▶ _Assignment_: Nothing but the images should be left out when the entries are restated word for word.

▶ _Dataset extract_:

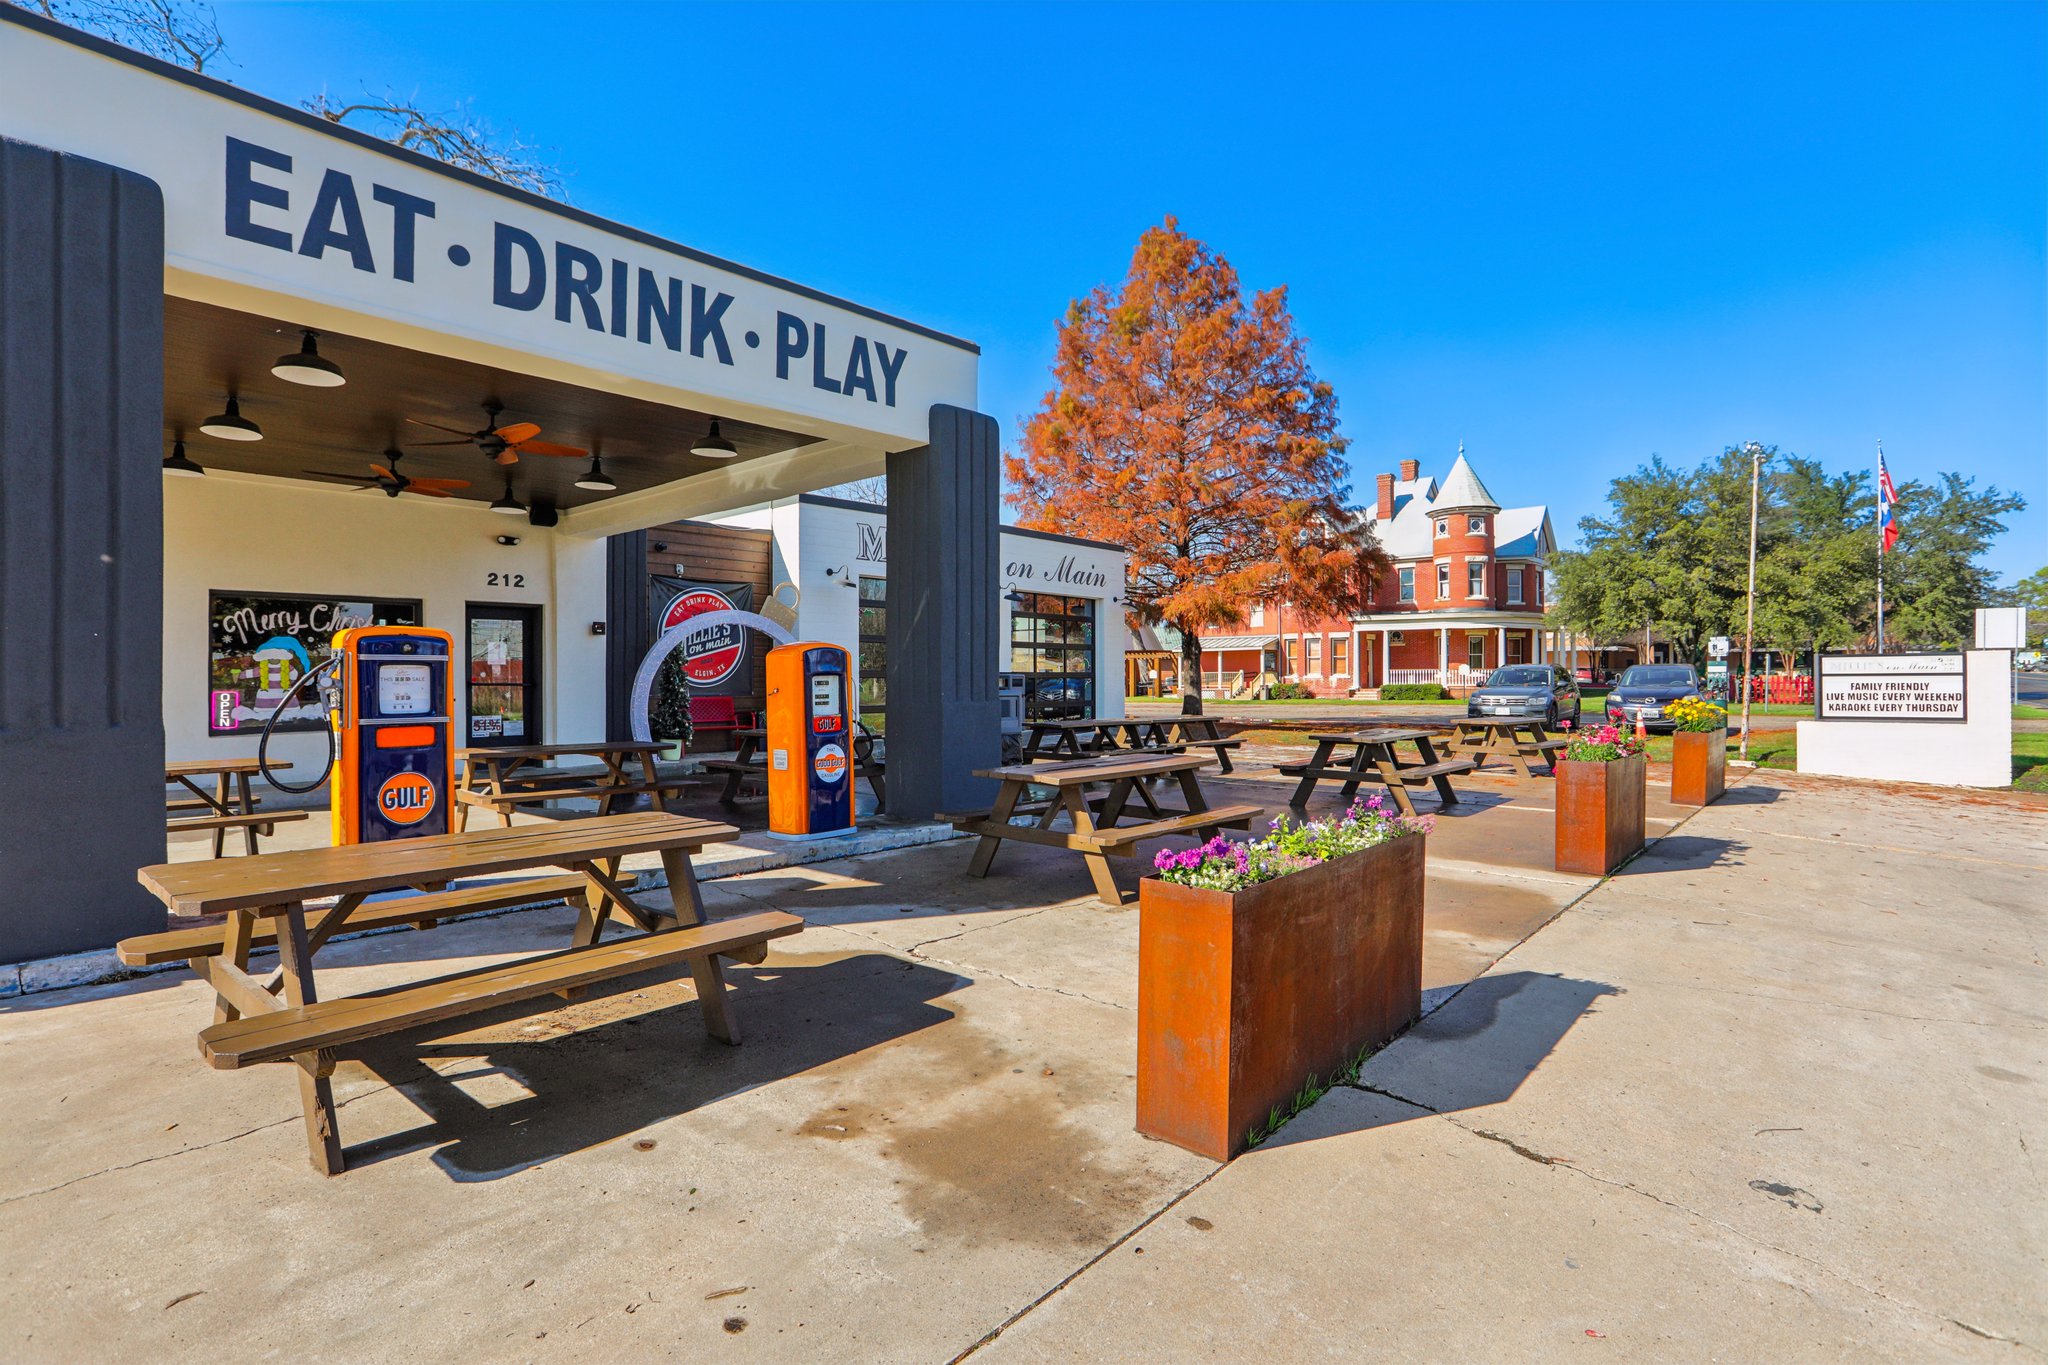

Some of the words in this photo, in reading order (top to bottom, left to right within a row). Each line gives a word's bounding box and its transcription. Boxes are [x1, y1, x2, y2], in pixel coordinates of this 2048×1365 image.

[225, 136, 436, 283] EAT
[493, 221, 735, 366] DRINK
[776, 310, 908, 407] PLAY
[487, 572, 525, 588] 212
[1005, 560, 1035, 579] on
[1043, 555, 1107, 588] Main
[674, 605, 685, 617] EAT
[686, 596, 706, 606] DRINK
[708, 598, 723, 609] PLAY
[223, 607, 308, 645] Merry
[684, 623, 731, 646] ILLIE'S
[689, 645, 704, 654] on
[705, 637, 732, 651] main
[717, 664, 725, 672] TX
[1850, 682, 1883, 691] FAMILY
[1885, 682, 1930, 691] FRIENDLY
[1826, 692, 1845, 701] LIVE
[1847, 692, 1879, 701] MUSIC
[1882, 692, 1912, 701] EVERY
[1914, 692, 1962, 701] WEEKEND
[219, 693, 231, 727] OPEN
[1828, 703, 1871, 712] KARAOKE
[1874, 703, 1904, 712] EVERY
[1905, 703, 1959, 713] THURSDAY
[818, 718, 836, 730] GULF
[382, 786, 430, 811] GULF
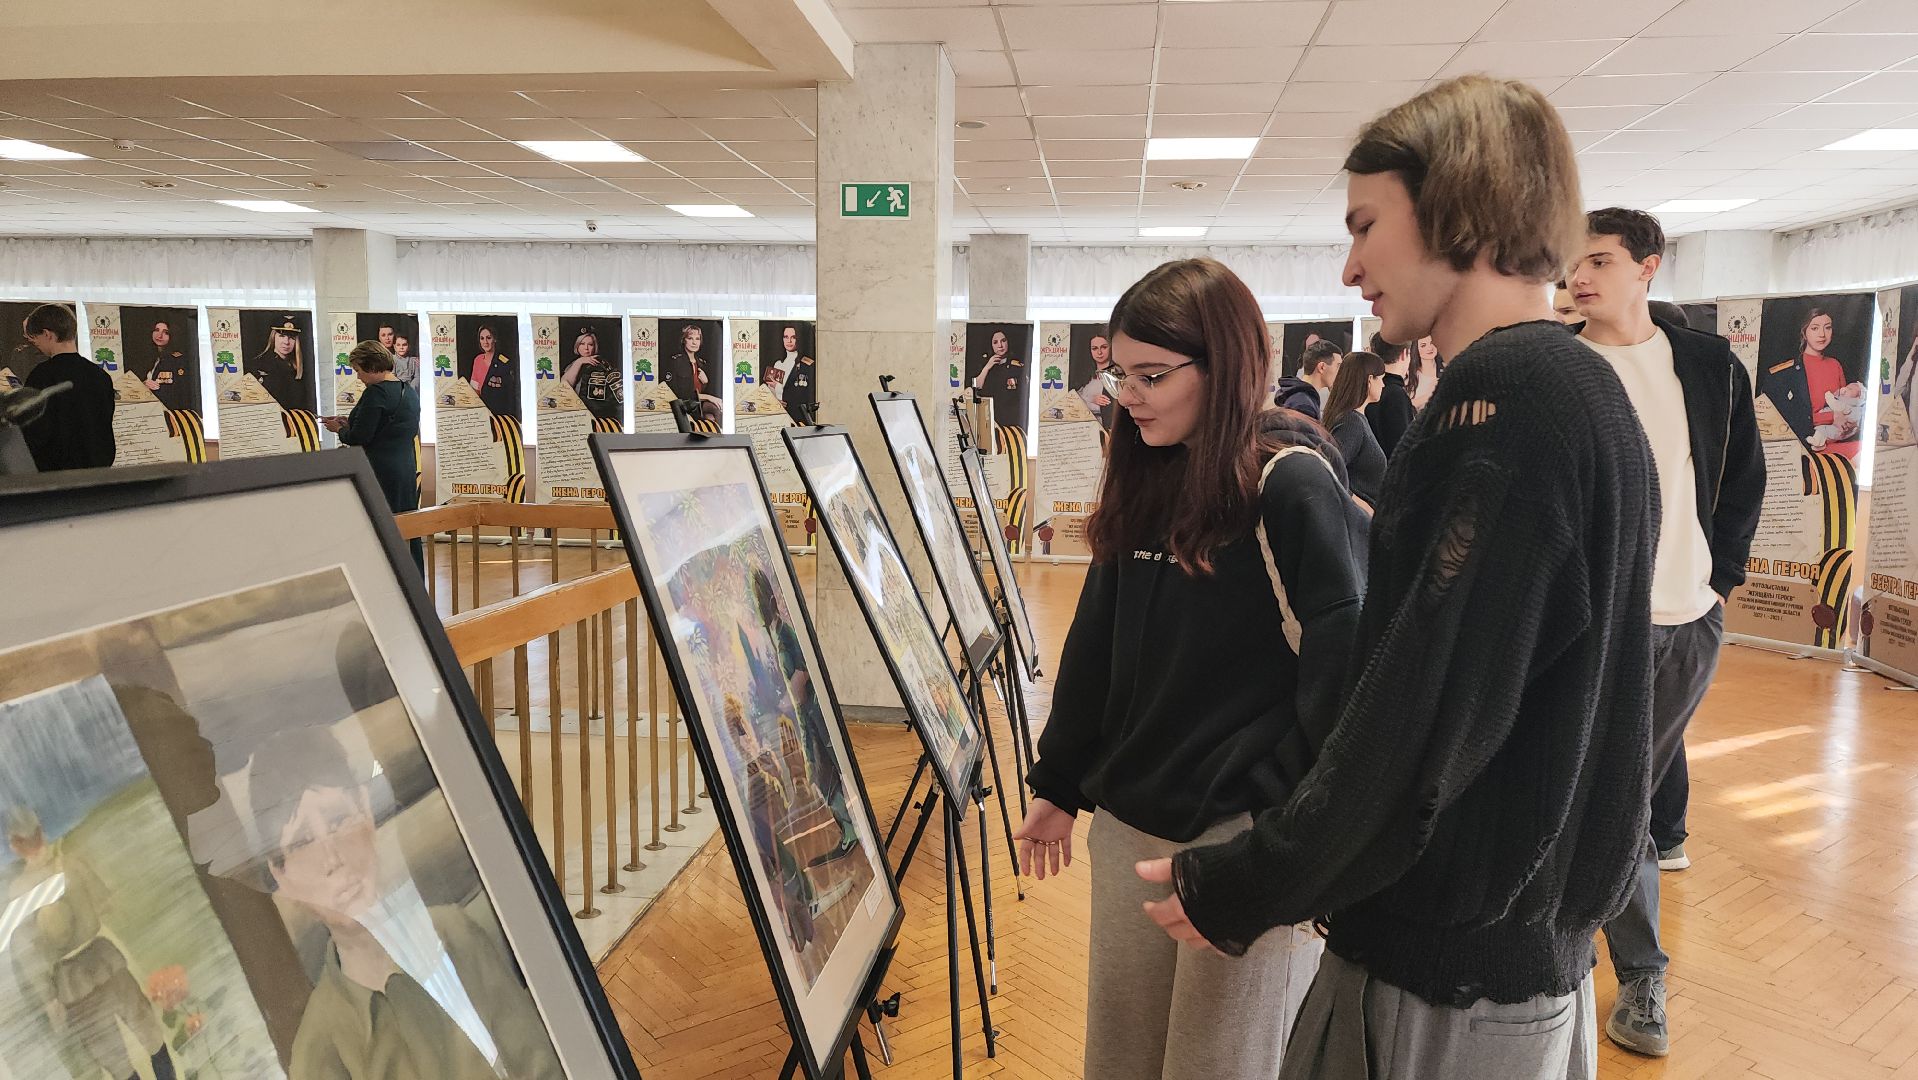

▶ _Output of the task_:
Some of the words in this photo, in reading order (top to bottom, left to right within a row). Each line gives a word's bounding box and its transcription. Boxes are [x1, y1, x2, y2], in pixel coordinates of this 2048×1365 image.

[225, 136, 436, 283] EAT
[493, 221, 735, 366] DRINK
[776, 310, 908, 407] PLAY
[487, 572, 525, 588] 212
[1005, 560, 1035, 579] on
[1043, 555, 1107, 588] Main
[674, 605, 685, 617] EAT
[686, 596, 706, 606] DRINK
[708, 598, 723, 609] PLAY
[223, 607, 308, 645] Merry
[684, 623, 731, 646] ILLIE'S
[689, 645, 704, 654] on
[705, 637, 732, 651] main
[717, 664, 725, 672] TX
[1850, 682, 1883, 691] FAMILY
[1885, 682, 1930, 691] FRIENDLY
[1826, 692, 1845, 701] LIVE
[1847, 692, 1879, 701] MUSIC
[1882, 692, 1912, 701] EVERY
[1914, 692, 1962, 701] WEEKEND
[219, 693, 231, 727] OPEN
[1828, 703, 1871, 712] KARAOKE
[1874, 703, 1904, 712] EVERY
[1905, 703, 1959, 713] THURSDAY
[818, 718, 836, 730] GULF
[382, 786, 430, 811] GULF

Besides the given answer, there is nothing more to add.